Only an exact, complete copy of the listing will serve as the answer.

##########

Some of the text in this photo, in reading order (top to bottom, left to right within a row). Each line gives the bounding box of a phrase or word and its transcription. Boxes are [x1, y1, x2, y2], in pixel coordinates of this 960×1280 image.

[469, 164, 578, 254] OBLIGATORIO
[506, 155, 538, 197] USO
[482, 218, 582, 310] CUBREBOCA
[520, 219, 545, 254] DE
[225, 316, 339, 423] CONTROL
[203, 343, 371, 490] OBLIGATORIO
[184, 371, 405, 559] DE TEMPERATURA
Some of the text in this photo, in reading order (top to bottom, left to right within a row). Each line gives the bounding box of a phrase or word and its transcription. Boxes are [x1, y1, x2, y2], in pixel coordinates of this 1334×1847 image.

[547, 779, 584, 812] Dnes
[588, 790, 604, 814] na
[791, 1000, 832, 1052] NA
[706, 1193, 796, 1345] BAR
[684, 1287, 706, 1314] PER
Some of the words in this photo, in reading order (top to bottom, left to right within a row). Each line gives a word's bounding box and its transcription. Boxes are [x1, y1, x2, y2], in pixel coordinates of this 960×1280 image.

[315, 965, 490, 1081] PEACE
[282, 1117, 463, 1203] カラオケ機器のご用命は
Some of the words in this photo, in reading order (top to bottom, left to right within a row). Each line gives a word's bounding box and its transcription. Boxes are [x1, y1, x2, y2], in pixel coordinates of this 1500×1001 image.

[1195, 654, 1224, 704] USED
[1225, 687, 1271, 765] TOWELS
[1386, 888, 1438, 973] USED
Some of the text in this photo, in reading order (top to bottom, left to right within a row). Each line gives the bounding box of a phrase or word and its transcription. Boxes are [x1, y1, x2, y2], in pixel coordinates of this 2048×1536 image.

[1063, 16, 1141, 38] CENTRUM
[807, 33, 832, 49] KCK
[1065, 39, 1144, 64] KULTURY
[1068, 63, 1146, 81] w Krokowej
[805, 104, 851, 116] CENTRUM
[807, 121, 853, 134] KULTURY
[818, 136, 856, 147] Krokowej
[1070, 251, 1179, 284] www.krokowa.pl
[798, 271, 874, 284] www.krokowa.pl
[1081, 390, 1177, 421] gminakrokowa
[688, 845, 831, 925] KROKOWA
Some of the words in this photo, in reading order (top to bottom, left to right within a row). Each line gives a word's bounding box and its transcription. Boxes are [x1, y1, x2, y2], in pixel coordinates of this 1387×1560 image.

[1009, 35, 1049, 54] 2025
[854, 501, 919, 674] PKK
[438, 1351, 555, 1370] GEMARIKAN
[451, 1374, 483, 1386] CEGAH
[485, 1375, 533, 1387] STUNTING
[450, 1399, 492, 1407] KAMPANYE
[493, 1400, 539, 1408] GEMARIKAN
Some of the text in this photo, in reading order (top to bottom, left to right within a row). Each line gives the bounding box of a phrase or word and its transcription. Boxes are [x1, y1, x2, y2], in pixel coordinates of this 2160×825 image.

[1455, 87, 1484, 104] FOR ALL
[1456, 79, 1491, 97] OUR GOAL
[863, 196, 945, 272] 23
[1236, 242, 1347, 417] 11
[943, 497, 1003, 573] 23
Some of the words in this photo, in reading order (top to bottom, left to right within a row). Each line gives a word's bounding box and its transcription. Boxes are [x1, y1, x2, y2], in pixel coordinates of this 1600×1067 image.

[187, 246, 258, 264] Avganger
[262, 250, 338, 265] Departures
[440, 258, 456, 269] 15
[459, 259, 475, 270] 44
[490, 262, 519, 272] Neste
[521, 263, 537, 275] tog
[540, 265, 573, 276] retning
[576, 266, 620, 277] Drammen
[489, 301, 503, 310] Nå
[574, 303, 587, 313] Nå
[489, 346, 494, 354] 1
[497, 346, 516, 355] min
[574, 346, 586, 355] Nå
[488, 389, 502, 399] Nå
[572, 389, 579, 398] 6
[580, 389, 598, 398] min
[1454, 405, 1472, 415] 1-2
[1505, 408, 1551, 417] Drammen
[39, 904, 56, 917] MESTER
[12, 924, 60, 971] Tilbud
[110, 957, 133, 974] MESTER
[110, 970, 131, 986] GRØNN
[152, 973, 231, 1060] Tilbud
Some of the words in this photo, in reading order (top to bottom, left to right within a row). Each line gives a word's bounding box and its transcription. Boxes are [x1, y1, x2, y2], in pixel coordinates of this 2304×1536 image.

##########

Your response
Some of the text in this photo, in reading order (top to bottom, left to right within a row). Each line gives the bounding box of a phrase or word and its transcription. Boxes are [x1, y1, x2, y2], in pixel coordinates of this 960×1280 image.

[469, 164, 578, 254] OBLIGATORIO
[506, 155, 538, 197] USO
[482, 218, 582, 310] CUBREBOCA
[520, 219, 545, 254] DE
[225, 316, 339, 423] CONTROL
[203, 343, 371, 490] OBLIGATORIO
[184, 371, 405, 559] DE TEMPERATURA
Some of the text in this photo, in reading order (top to bottom, left to right within a row). Each line gives the bounding box of a phrase or word and its transcription. Boxes are [x1, y1, x2, y2], in pixel coordinates of this 1334×1847 image.

[547, 779, 584, 812] Dnes
[588, 790, 604, 814] na
[791, 1000, 832, 1052] NA
[706, 1193, 796, 1345] BAR
[684, 1287, 706, 1314] PER
Some of the words in this photo, in reading order (top to bottom, left to right within a row). Each line gives a word's bounding box and its transcription. Boxes are [x1, y1, x2, y2], in pixel coordinates of this 960×1280 image.

[315, 965, 490, 1081] PEACE
[282, 1117, 463, 1203] カラオケ機器のご用命は
Some of the words in this photo, in reading order (top to bottom, left to right within a row). Each line gives a word's bounding box and its transcription. Boxes are [x1, y1, x2, y2], in pixel coordinates of this 1500×1001 image.

[1195, 654, 1224, 704] USED
[1225, 687, 1271, 765] TOWELS
[1386, 888, 1438, 973] USED
Some of the text in this photo, in reading order (top to bottom, left to right within a row). Each line gives the bounding box of a phrase or word and its transcription. Boxes are [x1, y1, x2, y2], in pixel coordinates of this 2048×1536 image.

[1063, 16, 1141, 38] CENTRUM
[807, 33, 832, 49] KCK
[1065, 39, 1144, 64] KULTURY
[1068, 63, 1146, 81] w Krokowej
[805, 104, 851, 116] CENTRUM
[807, 121, 853, 134] KULTURY
[818, 136, 856, 147] Krokowej
[1070, 251, 1179, 284] www.krokowa.pl
[798, 271, 874, 284] www.krokowa.pl
[1081, 390, 1177, 421] gminakrokowa
[688, 845, 831, 925] KROKOWA
Some of the words in this photo, in reading order (top to bottom, left to right within a row). Each line gives a word's bounding box and its transcription. Boxes are [x1, y1, x2, y2], in pixel coordinates of this 1387×1560 image.

[1009, 35, 1049, 54] 2025
[854, 501, 919, 674] PKK
[438, 1351, 555, 1370] GEMARIKAN
[451, 1374, 483, 1386] CEGAH
[485, 1375, 533, 1387] STUNTING
[450, 1399, 492, 1407] KAMPANYE
[493, 1400, 539, 1408] GEMARIKAN
Some of the text in this photo, in reading order (top to bottom, left to right within a row). Each line gives the bounding box of a phrase or word and its transcription. Boxes are [x1, y1, x2, y2], in pixel coordinates of this 2160×825 image.

[1455, 87, 1484, 104] FOR ALL
[1456, 79, 1491, 97] OUR GOAL
[863, 196, 945, 272] 23
[1236, 242, 1347, 417] 11
[943, 497, 1003, 573] 23
Some of the words in this photo, in reading order (top to bottom, left to right within a row). Each line gives a word's bounding box and its transcription. Boxes are [x1, y1, x2, y2], in pixel coordinates of this 1600×1067 image.

[187, 246, 258, 264] Avganger
[262, 250, 338, 265] Departures
[440, 258, 456, 269] 15
[459, 259, 475, 270] 44
[490, 262, 519, 272] Neste
[521, 263, 537, 275] tog
[540, 265, 573, 276] retning
[576, 266, 620, 277] Drammen
[489, 301, 503, 310] Nå
[574, 303, 587, 313] Nå
[489, 346, 494, 354] 1
[497, 346, 516, 355] min
[574, 346, 586, 355] Nå
[488, 389, 502, 399] Nå
[572, 389, 579, 398] 6
[580, 389, 598, 398] min
[1454, 405, 1472, 415] 1-2
[1505, 408, 1551, 417] Drammen
[39, 904, 56, 917] MESTER
[12, 924, 60, 971] Tilbud
[110, 957, 133, 974] MESTER
[110, 970, 131, 986] GRØNN
[152, 973, 231, 1060] Tilbud
Some of the words in this photo, in reading order (top to bottom, left to right within a row). Each line gives a word's bounding box and its transcription. Boxes are [x1, y1, x2, y2], in pixel coordinates of this 2304×1536 image.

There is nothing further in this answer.